Lewis Scott con pocas escuadras de filibusteros asaltó San Francisco de Campeche, ciudad bien defendida y la tomó y saqueó; John Davis sólo con noventa hombres tomó Nicaragua y después San Agustín de la Florida. Brazo de Hierro, un normando, perdió su nave junto a la desembocadura del Orinoco a causa de un rayo que le incendió la santabárbara, pero resistió fieramente los asaltos de los salvajes. Un día, al ver que se aproximaba una nave española, la asaltó por sorpresa con pocos hombres. Otros más famosos y más audaces vinieron después.

Pietro Ñau, llamado el Olonés, fue el terror de los españoles, y después de más de cien victorias terminó miserablemente su carrera en el vientre de los salvajes de Darién, después de pasar por la parrilla.

Grammont, caballero francés, le sucedió en la celebridad, asaltando con pocas escuadras de filibusteros y de bucaneros Maracaibo; luego Puerto Cabello, conteniendo con sólo cuarenta compañeros el asalto de trescientos españoles; después Veracruz, en unión de Wan Horn y de Laurent, otros dos corsarios famosos.

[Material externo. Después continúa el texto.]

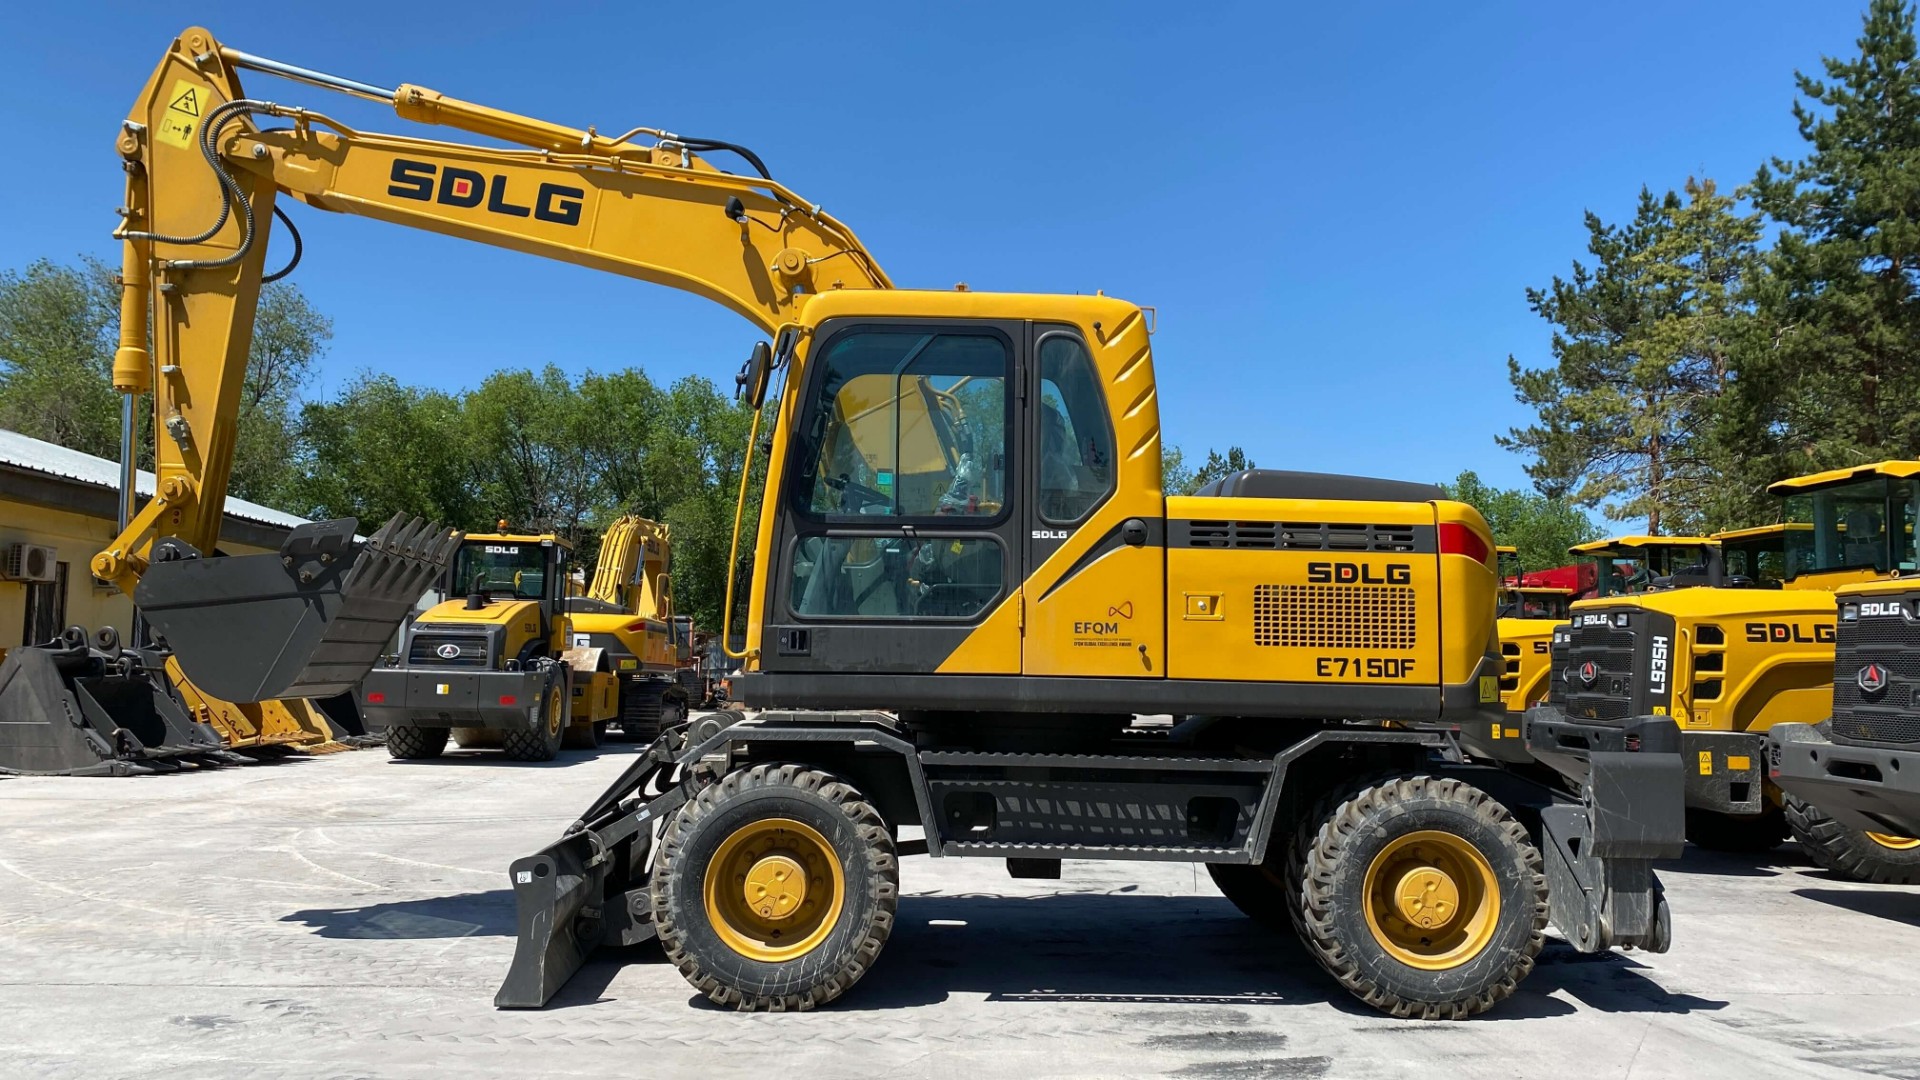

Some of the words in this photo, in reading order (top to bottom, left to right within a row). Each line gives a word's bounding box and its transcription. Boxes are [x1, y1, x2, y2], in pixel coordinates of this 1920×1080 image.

[388, 158, 585, 226] SDLG
[1031, 530, 1068, 539] SDLG
[485, 545, 519, 554] SDLG
[1308, 562, 1411, 585] SDLG
[1860, 602, 1900, 616] SDLG
[1583, 613, 1608, 625] SDLG
[1074, 622, 1118, 635] EFQM
[1745, 623, 1836, 643] SDLG
[1316, 658, 1416, 678] E7150F
[1650, 635, 1668, 694] L935H

El más famoso de todos sería Morgan, el lugarteniente del Corsario Negro. A la cabeza de una gran partida de filibusteros ingleses comenzó su brillante carrera con la toma de Puerto Príncipe de la isla de Cuba; reunidos nueve barcos, asaltó y saqueó Portobelo, a pesar de la terrible resistencia de los españoles y del fuego infernal de sus cañones. Luego Maracaibo y finalmente, cruzado el istmo, tras inmensas peripecias y luchas sangrientas, Panamá, que incendió después de tomar un botín de cuatrocientas cuarenta mil libras de plata maciza.

Sharp, Harris y Sawkins, otros tres audaces, reunidos en sociedad, saquearon Santa María. Luego, recordando la célebre expedición de Morgan, cruzaron el istmo haciendo milagros de audacia, y desbaratando en todas partes a las fuerzas españolas, cuatro veces superiores que eran. Fueron a refugiarse en el océano Pacífico, donde, poseedores de algunos bajeles, destruyeron, después de nueve horas de terrible lucha, la escuadra española que se defendía con valor desesperado. Hicieron temblar a Panamá, piratearon las costas de México y de Perú, tomando al asalto Ylo y Serena, y volvieron a las Antillas atravesando el estrecho de Magallanes.

Siguieron otros, igual de audaces, pero quizá menos afortunados, como Montabon, el Vasco, Jonqué, Michel, Dronage, Grogner, Davis, Tusley, Wilmet, que continuaron las maravillosas hazañas de los primeros filibusteros, pirateando en las Antillas y en el océano Pacífico, hasta que la Tortuga, perdida su importancia, decayó y con ella decayeron también los filibusteros, que se fueron disolviendo.

Algunos fueron a fundar una colonia en las Bermudas y durante algunos años todavía dieron que hablar e hicieron temblar a los colonos de las Grandes y Pequeñas Antillas, pero enseguida se disolvieron también estas últimas bandas y aquella raza de hombres formidables terminó con la desaparición total.